Yuuri in quel momento stava provando troppe emozioni allo stesso tempo per poter essere abbastanza lucido da protestare.
Posso parlarti in privato?
Aveva annuito senza neanche pensarci due volte.
Le dita di Viktor si erano strette con appena più decisione attorno al suo polso e l'aveva condotto via dalla sala, da quella folla scalpitante; due minuti più tardi si era trovato su una terrazza di cui non sapeva neanche l'esistenza.
Ad essere onesti, non ricordava neppure la strada fatta per arrivare lì.
C'era solo Viktor in quel momento, Viktor e quella dannatissima mano che non aveva lasciato la sua neppure per un istante durante il tragitto.
Fu la vista della città a riportarlo alla realtà: si trovavano abbastanza in alto da riuscire perfettamente a vedere la torre Eiffel.
Era bella Parigi; sembrava un'immensa distesa di luci e colori, sempre in movimento, quasi non vi calasse mai la notte.
Mai nella sua vita, senza contare il suo attuale stato di disoccupazione, si sarebbe potuto permettere una camera in un albergo come quello dove si trovavano adesso.
Viktor parlò,
spezzando il momento di trance in cui il pianista era momentaneamente caduto.
«Finalmente soli! Non potevo sopportare più quel vociare.»
«Già.» gli rispose, ancora rivolto al panorama. «Volevi parlarmi?»
«Sì, in verità.»
Spostò lo sguardo su di lui e l'ansia tornò a divorarlo.
«Vedi, Yuuri, sono ormai tre anni che suono con l'orchestra di San Pietroburgo, e ad agosto scadrà il contratto che mi lega a loro. Vorrei riprendere a suonare da solista, e mi piacerebbe se ti unissi a me come pianista accompagnatore.»
Oh Dio.
Aveva sentito bene?

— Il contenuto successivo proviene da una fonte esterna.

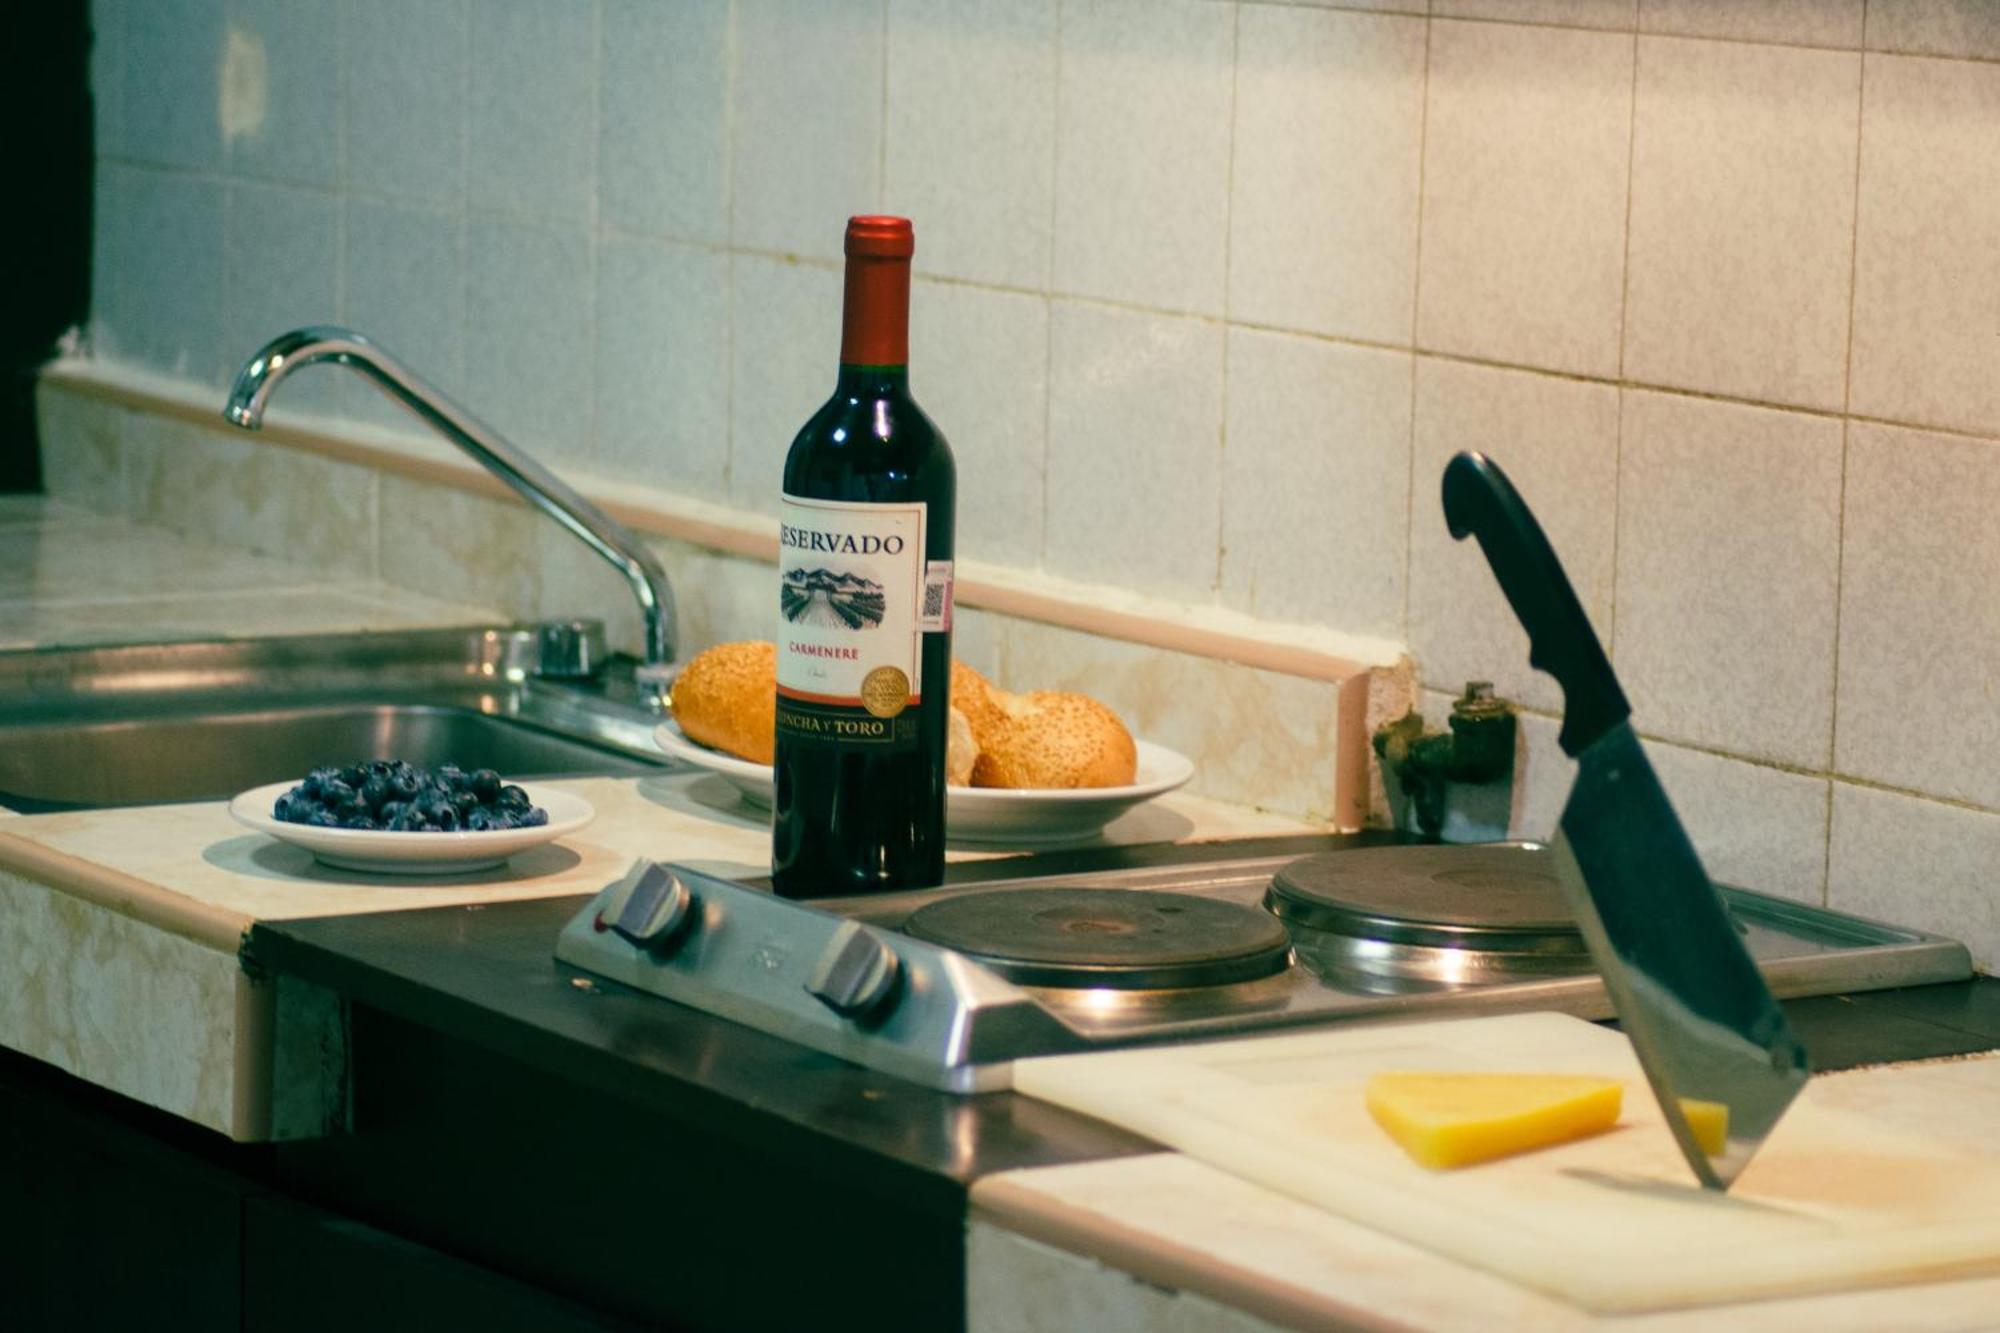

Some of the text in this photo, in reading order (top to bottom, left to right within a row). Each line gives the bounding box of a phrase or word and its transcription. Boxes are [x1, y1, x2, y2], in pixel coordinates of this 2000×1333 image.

Aveva davvero detto quelle parole?
Pianista accompagnatore.
Stava certamente sognando, perché Viktor Nikiforov in persona lo voleva al suo fianco.
Strinse le dita sul parapetto dietro di lui, sicuro che le sue gambe fossero diventate molli e incapaci di reggerlo a dovere.
«Ma... ma perché io?» chiese, ancora sconvolto. «Insomma, ci sono migliaia di pianisti con più esperienza di me che potresti-»
«No! No, Yuuri, tu non capisci.»
Il russo rise e gli si avvicinò con un paio di passi veloci fino a trovarglisi di fronte, fece come per prendergli il viso tra le mani, ma infine le posò sulle spalle, stringendole appena.
Yuuri si fermò a pensare che non fosse umanamente possibile provare tante emozioni contemporaneamente: paura, ansia, eccitazione, curiosità, insicurezza, speranza. 
Fu quando Viktor gli sorrise che il suo cuore si sciolse completamente. Poteva morire, lì ed ora.
Paziente n. 66: Yuuri Katsuki.
Ora del decesso: 22:34
Causa: arresto cardiaco.
No, l'unica cosa assolutamente inumana lì in mezzo era sicuramente il violinista.
«È... complicato. Vedi, Yuuri, io non ho mai suonato con gli altri... Nel senso che mi vengono date solo parti da solista, non suono mai con il coro di violini. So bene che il mio è solo il capriccio di un violinista anche troppo famoso ma... non mi piace, lo detesto. Io...  mi piace fare di testa mia, cambiare il brano sul momento, improvvisare, e con l'orchestra tutto questo non è possibile. Odio far parte di quel maledetto coro.»
«Allora come mai ti sei unito a loro?»
«Mi serviva un posto fisso in attesa di comporre il nuovo album, ma è stata la decisione peggiore della mia vita.» ammise con un sospiro. «Mancano solo tre mesi, poi tutto sarà finito e potrò dedicarmi nuovamente alle mie composizioni, e per farlo vorrei te.»
«Scusa, Viktor, ma continuo a non capire: perché proprio io?»
«Perché, ieri sera, Yuuri, è successo qualcosa che non mi capitava da molto tempo: suonare con qualcuno. E non intendo l'averti avuto fisicamente accanto, ma mi riferisco al suono del pianoforte che si univa impeccabilmente a quello del mio violino. Io ho dettato i ritmi e tu mi hai seguito immediatamente, senza fiatare, e ancora prima, mentre tu suonavi da solo, unirmi a te mi è sembrata semplicemente la cosa più semplice da fare. Mi sono divertito. Non mi capitava da molto, molto tempo ormai.»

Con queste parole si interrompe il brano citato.